(Records from a data collection)
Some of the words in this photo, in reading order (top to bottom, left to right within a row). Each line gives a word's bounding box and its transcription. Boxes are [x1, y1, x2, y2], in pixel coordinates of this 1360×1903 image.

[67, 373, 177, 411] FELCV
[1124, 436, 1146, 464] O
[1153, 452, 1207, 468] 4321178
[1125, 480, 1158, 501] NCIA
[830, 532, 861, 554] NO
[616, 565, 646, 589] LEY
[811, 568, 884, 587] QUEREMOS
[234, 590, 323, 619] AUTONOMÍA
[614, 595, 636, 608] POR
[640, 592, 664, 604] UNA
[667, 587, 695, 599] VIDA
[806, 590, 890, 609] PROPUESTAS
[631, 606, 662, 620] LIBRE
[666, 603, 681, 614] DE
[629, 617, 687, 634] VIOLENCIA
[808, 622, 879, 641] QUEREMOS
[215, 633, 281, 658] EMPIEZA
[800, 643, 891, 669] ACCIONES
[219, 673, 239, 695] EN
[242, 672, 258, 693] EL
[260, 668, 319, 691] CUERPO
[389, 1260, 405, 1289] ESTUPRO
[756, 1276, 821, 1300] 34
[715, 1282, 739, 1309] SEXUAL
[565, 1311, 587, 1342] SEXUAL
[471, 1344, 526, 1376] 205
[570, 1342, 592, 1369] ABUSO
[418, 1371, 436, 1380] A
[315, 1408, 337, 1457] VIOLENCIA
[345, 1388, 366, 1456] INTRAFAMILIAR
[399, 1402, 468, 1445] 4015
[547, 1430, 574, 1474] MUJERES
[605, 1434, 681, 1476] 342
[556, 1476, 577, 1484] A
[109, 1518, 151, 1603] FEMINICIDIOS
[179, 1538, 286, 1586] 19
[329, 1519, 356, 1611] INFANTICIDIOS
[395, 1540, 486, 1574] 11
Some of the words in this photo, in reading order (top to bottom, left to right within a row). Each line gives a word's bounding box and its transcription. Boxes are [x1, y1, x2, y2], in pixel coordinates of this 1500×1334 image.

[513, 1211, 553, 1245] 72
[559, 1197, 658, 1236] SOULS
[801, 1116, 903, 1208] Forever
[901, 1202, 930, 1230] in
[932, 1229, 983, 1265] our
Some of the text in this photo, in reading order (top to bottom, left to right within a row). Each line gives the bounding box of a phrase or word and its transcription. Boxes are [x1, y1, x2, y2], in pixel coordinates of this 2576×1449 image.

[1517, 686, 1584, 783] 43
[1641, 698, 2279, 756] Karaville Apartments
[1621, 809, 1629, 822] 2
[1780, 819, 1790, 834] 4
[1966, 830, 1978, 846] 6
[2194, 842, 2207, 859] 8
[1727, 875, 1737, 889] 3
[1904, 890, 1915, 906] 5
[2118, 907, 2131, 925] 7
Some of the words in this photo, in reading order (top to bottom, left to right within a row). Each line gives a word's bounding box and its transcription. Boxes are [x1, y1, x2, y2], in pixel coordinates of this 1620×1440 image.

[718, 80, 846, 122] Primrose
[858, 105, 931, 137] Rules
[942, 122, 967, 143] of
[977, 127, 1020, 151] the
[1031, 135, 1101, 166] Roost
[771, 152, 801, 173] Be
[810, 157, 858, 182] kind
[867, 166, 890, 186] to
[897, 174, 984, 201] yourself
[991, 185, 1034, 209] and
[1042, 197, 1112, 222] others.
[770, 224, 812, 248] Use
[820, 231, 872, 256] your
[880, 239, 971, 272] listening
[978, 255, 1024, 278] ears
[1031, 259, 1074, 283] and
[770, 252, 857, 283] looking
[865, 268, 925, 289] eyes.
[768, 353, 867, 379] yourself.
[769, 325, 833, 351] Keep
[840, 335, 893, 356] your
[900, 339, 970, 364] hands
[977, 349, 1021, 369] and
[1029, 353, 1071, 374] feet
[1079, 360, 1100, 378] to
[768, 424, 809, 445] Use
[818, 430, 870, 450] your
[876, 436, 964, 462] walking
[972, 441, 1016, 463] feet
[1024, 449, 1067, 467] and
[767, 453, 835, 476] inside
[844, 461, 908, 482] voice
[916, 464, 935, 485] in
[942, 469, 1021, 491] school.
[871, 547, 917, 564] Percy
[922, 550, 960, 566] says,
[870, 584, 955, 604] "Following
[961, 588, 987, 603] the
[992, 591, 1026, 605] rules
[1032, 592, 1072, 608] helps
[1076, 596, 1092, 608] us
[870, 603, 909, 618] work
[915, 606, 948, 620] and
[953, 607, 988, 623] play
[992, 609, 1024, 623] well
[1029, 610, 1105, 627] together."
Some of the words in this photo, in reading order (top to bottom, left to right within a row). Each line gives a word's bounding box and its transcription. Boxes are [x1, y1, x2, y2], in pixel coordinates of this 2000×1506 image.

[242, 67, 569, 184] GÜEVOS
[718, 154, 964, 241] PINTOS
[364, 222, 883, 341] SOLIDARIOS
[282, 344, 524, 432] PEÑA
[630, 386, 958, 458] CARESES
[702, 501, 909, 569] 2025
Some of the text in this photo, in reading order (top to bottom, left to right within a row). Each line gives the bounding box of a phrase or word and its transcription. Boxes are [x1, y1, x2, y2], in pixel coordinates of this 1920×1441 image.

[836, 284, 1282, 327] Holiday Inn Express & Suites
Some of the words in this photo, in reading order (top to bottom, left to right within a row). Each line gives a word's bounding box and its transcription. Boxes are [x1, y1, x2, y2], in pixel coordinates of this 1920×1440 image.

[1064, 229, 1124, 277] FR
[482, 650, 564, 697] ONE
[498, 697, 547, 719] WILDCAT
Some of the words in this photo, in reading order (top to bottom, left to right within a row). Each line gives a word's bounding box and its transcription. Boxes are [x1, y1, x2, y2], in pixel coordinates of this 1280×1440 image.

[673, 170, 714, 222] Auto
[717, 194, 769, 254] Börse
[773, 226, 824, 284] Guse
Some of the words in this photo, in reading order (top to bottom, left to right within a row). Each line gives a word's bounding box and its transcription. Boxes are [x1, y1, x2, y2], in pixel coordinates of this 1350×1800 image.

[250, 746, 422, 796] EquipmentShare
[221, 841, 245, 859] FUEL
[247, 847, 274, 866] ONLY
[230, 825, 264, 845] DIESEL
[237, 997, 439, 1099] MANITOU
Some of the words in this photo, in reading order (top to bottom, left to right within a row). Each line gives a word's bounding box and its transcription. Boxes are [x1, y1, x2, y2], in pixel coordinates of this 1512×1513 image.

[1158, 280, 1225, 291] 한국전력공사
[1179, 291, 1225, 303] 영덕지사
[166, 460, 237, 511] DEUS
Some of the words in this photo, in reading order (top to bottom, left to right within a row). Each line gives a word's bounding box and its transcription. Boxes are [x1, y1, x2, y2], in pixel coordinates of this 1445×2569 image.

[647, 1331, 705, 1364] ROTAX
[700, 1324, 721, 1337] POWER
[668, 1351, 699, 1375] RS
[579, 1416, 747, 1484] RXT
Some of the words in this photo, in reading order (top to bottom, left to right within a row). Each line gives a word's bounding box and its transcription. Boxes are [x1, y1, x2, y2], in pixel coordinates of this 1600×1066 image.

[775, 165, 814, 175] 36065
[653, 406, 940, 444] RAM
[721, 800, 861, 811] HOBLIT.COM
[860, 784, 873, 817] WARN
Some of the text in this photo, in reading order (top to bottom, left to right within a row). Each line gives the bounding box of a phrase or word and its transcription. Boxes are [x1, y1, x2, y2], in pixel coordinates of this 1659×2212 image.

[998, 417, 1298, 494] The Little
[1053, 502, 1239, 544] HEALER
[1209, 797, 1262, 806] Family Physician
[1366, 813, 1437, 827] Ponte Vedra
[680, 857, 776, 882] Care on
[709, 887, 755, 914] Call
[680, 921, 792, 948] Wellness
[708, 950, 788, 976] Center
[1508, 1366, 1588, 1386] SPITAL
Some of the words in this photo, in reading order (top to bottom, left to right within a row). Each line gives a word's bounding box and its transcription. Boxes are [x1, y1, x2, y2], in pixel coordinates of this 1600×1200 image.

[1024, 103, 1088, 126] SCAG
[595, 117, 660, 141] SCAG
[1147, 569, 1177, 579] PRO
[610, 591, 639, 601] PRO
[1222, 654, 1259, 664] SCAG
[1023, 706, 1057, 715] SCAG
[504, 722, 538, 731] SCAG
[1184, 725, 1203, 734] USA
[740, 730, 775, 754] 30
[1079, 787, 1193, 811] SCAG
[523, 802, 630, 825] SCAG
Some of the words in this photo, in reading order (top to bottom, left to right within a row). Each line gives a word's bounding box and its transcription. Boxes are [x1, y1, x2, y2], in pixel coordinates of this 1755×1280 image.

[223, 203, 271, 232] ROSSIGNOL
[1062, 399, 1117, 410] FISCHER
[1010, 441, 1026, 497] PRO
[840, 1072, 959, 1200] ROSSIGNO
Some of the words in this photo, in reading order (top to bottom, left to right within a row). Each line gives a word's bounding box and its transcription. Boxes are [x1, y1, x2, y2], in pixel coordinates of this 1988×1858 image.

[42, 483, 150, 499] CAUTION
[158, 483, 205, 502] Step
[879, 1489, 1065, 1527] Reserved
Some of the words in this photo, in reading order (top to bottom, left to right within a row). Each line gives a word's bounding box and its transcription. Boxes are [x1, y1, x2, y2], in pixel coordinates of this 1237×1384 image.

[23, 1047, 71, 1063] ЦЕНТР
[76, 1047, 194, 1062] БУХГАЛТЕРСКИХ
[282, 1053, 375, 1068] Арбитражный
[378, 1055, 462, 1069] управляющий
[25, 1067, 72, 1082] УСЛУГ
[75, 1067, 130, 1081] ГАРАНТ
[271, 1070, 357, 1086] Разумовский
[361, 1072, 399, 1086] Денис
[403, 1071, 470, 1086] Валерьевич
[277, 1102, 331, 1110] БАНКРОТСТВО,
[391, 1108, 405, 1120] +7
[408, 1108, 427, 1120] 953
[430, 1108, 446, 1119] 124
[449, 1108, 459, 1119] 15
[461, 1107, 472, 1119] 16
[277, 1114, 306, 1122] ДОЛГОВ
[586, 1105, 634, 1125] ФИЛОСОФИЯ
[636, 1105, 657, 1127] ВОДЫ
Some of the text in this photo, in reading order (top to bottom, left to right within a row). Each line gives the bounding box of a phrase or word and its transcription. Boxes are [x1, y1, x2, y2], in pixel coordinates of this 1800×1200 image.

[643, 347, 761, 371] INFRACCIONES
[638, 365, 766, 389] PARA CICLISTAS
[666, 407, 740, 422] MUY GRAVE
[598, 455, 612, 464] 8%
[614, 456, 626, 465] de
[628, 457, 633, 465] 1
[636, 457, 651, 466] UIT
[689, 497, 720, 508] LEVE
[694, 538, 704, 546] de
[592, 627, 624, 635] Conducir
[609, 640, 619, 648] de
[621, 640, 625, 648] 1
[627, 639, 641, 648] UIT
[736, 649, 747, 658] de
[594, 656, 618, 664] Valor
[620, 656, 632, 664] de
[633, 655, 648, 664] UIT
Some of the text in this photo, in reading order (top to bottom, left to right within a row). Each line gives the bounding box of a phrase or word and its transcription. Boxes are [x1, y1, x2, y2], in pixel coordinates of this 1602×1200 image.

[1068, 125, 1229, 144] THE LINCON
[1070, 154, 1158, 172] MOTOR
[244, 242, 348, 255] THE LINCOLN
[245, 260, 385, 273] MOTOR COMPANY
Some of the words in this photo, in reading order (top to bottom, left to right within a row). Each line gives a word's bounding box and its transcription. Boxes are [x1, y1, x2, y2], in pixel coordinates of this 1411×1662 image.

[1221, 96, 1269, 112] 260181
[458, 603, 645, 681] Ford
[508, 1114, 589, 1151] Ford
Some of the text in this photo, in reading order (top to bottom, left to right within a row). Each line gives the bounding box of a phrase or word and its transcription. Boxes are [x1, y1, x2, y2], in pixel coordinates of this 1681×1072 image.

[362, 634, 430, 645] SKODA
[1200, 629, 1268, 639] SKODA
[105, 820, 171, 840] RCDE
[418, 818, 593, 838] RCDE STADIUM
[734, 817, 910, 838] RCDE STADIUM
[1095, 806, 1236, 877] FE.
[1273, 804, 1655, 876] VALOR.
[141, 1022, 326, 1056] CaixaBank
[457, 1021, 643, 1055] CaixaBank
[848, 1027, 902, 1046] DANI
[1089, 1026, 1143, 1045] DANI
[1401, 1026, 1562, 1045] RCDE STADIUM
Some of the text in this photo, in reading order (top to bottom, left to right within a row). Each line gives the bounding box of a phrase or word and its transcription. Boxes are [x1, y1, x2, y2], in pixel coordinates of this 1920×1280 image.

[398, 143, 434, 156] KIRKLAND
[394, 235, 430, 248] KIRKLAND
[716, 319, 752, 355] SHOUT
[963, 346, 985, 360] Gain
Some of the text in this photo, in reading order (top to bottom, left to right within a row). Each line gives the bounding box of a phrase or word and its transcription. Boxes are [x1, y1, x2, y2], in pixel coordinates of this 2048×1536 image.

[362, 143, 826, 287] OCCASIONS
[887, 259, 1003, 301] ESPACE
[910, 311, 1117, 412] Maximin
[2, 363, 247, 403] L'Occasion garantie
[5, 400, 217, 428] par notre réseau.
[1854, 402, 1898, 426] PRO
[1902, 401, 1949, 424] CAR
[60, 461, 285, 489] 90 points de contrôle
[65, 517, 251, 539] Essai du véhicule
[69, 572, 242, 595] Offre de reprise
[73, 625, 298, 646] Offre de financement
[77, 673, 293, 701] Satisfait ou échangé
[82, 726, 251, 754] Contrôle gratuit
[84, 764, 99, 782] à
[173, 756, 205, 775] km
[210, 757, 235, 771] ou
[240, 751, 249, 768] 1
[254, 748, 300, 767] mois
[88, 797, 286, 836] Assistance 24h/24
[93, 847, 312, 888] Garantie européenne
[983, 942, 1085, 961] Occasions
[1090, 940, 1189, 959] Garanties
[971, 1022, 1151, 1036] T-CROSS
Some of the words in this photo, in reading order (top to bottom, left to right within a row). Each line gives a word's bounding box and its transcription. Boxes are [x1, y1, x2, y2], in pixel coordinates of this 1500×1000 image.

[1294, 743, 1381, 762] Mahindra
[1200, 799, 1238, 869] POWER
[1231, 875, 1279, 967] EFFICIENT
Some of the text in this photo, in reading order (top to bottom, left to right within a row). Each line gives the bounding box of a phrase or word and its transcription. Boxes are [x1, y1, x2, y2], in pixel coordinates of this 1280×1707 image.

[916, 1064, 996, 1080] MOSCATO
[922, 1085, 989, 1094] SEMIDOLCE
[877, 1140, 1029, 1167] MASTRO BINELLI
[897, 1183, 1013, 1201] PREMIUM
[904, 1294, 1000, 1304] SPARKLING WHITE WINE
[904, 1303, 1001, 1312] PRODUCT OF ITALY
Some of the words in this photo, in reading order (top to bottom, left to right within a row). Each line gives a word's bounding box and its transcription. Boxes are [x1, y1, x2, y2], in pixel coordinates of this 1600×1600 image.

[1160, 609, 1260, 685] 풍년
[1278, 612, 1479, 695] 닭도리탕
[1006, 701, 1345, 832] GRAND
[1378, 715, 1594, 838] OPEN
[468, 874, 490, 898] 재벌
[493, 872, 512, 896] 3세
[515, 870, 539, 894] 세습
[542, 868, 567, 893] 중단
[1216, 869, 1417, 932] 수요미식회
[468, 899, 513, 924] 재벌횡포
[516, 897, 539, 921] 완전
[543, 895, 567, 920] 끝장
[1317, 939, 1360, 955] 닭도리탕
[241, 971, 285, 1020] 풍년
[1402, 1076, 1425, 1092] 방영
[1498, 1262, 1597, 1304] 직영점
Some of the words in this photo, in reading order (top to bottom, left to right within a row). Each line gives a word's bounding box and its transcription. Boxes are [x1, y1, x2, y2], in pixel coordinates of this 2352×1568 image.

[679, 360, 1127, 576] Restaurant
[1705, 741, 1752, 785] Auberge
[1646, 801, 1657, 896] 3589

* [Task description] Retype exactly, please, each line from the line that contains "this 1600×1600 image." through the last line of the entries above, with nothing added.

* [Solution]
Some of the words in this photo, in reading order (top to bottom, left to right within a row). Each line gives a word's bounding box and its transcription. Boxes are [x1, y1, x2, y2], in pixel coordinates of this 1600×1600 image.

[1160, 609, 1260, 685] 풍년
[1278, 612, 1479, 695] 닭도리탕
[1006, 701, 1345, 832] GRAND
[1378, 715, 1594, 838] OPEN
[468, 874, 490, 898] 재벌
[493, 872, 512, 896] 3세
[515, 870, 539, 894] 세습
[542, 868, 567, 893] 중단
[1216, 869, 1417, 932] 수요미식회
[468, 899, 513, 924] 재벌횡포
[516, 897, 539, 921] 완전
[543, 895, 567, 920] 끝장
[1317, 939, 1360, 955] 닭도리탕
[241, 971, 285, 1020] 풍년
[1402, 1076, 1425, 1092] 방영
[1498, 1262, 1597, 1304] 직영점
Some of the words in this photo, in reading order (top to bottom, left to right within a row). Each line gives a word's bounding box and its transcription. Boxes are [x1, y1, x2, y2], in pixel coordinates of this 2352×1568 image.

[679, 360, 1127, 576] Restaurant
[1705, 741, 1752, 785] Auberge
[1646, 801, 1657, 896] 3589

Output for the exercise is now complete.